Deadspin, I hardly Knew Ye

It was about a month ago that I read on the pages of deadspin.com how corporate assholes had destroyed Sports Illustrated. There are no more journalists at that respected institution, and actually not even any more photographers. Three months ago Sports Illustrated broke a huge story about an athlete, rape, and intimidation. It was a careful, researched piece of journalism.

That will never happen again at SI. The new corporate masters want clickbait but no actual content. Many staffers — the ones involved with journalism or, ironically, illustrating sports — were let go.

One of the journalistic institutions that railed most loudly about the corporate machine silencing the voices of writers was Deadspin. They seriously do not pull their punches there. They will tell you exactly why your favorite team sucks (technically they are a sports outlet), but they will also tell you why mainstream journalists are so lost when covering a man-child president — looking for a plan when there is none, looking for a policy when the man in charge is incapable of formulating one.
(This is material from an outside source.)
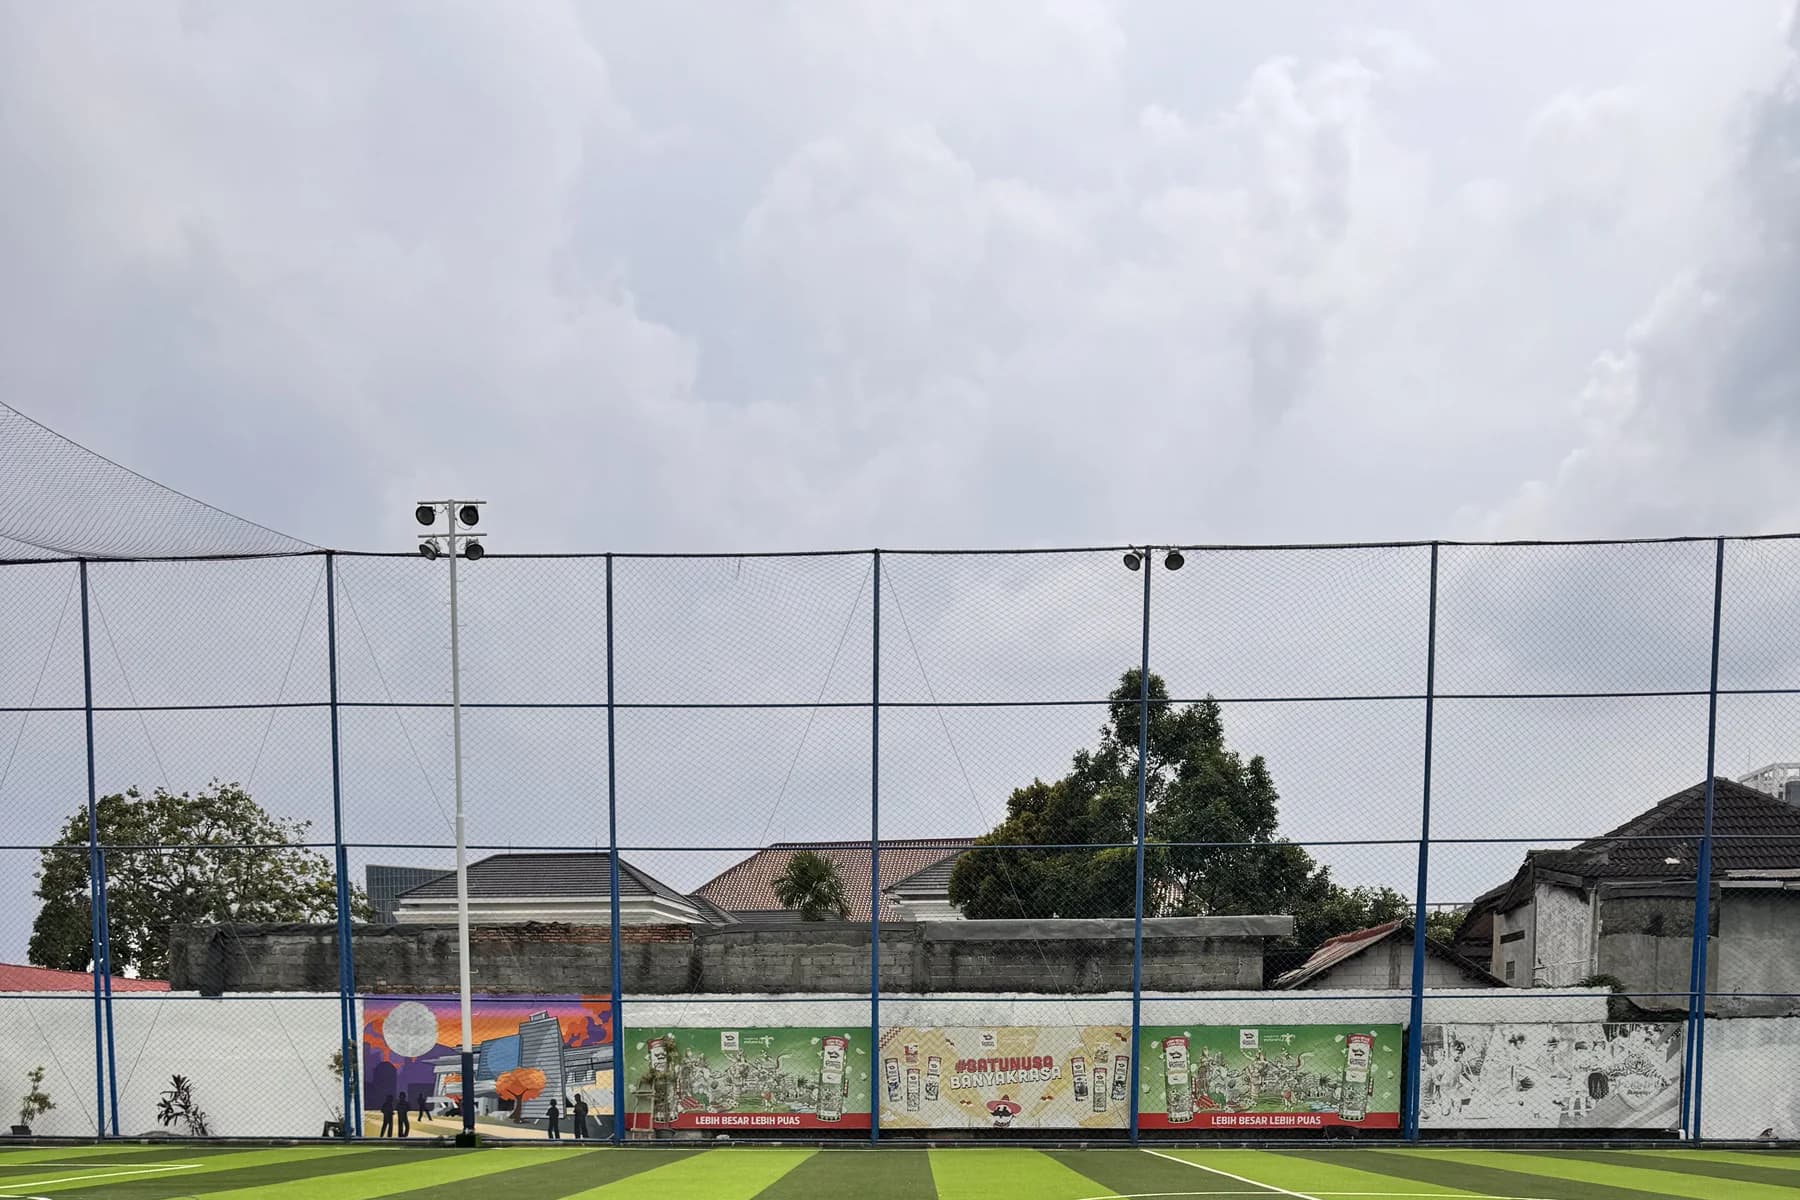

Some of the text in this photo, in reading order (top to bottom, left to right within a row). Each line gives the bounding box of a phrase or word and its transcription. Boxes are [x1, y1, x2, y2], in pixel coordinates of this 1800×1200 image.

[954, 1055, 1054, 1074] #SATUNUSA
[949, 1065, 1063, 1090] BANYAKRASA
[695, 1115, 801, 1125] LEBIH BESAR LEBIH PUAS
[1211, 1115, 1321, 1125] LEBIH BESAR LEBIH PUAS
But now Deadspin has fallen to the same corporate bullshit. Their media owners tried to impose a mandate that they only cover sports, and the social issues that were directly related, but to stay away from pop culture and politics in particular. The deputy editor said no, and was fired. Much of the staff quit in response.

This is not small.

Over at ESPN, there has been a slow, quiet purge of columnists who dare talk about race and gender inequality in the context of sports. Although management says they have “clarified” their rules about only talking about politics and race when it is directly germane to sports, it’s pretty much impossible to say that Jemele Hill crossed some invisible line. Her essays were always in the context of sport. But that wasn’t what the ESPN bosses really wanted, no matter what they said. The didn’t want anyone rocking the boat.

Deadspin, if you squint at the name just right, looks like it might have been born to mock ESPN. And up until this week, it was a fearless voice. Boat-rockers one and all. But in the last couple of days, in the wake of mass resignations, many recent “political” articles have been replaced by straight-up sports stories. Three years after Colin Kaepernick took a knee, even the “renegade” media outlets have been coerced to the idea that somehow that athlete’s protest was not related to sports — even if it was a protest about something that touched athletes and their communities directly.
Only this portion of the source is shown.